Abstract
Abstract
Background and Objective:
Five-year survival in pancreatic adenocarcinoma is less than 20%. While previous studies have postulated that a Carbohydrate Antigen 19 − 9 (CA19-9) threshold could predict outcome of resection, the role for CA19-9 in decision-making remains unclear. This study aims to assess whether CA19-9 levels combined with tumor size improve prediction of post-resection survival.
Method:
A retrospective analysis was conducted on 109 patients with pancreatic adenocarcinoma who underwent perioperative chemotherapy followed by resection. The primary outcome of mortality was, divided into short (< 1year) or prolonged (> 2years). Univariate and multivariable analyses compared the tumor size-adjusted CA19-9 between the outcome groups.
Results:
Twenty-seven (24.78%) and eighty-two (75.23%) patients were in the short-survival and prolonged-survival groups, respectively. The mean CA19-9 was significantly greater in the short versus prolonged group (P < 0.001).
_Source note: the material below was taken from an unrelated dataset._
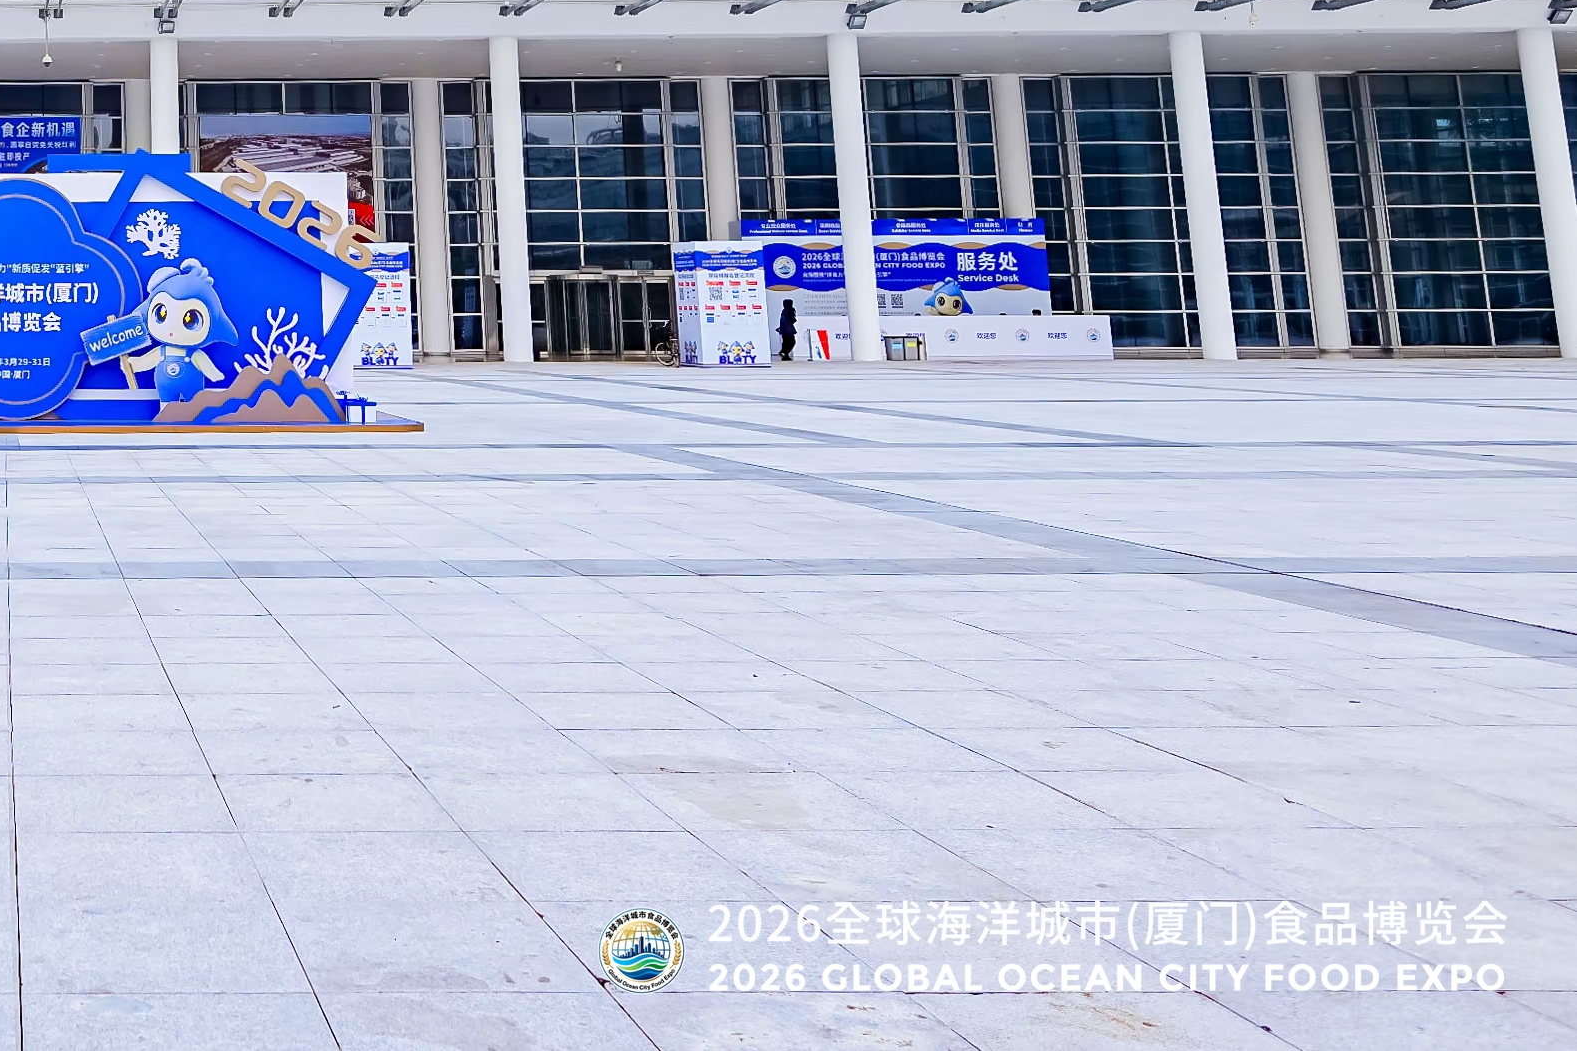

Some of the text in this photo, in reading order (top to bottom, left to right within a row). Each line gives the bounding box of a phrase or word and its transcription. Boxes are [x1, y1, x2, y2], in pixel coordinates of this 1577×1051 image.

Analyzing CA19-9 level by tumor size, the association of high CA19-9 and short survival was significant for small (≤ 2cm) and large tumor (> 4cm), but not for intermediate-size tumors (2-4cm). Adjusting for preoperative variable did not change this association.
Conclusion:
CA 19 − 9 in combination with tumor size better identifies patients with prolonged post-resection survival. This prediction is most accurate in patients with either small (≤ 2cms) or large (> 4cms) tumors compared to intermediate size tumors.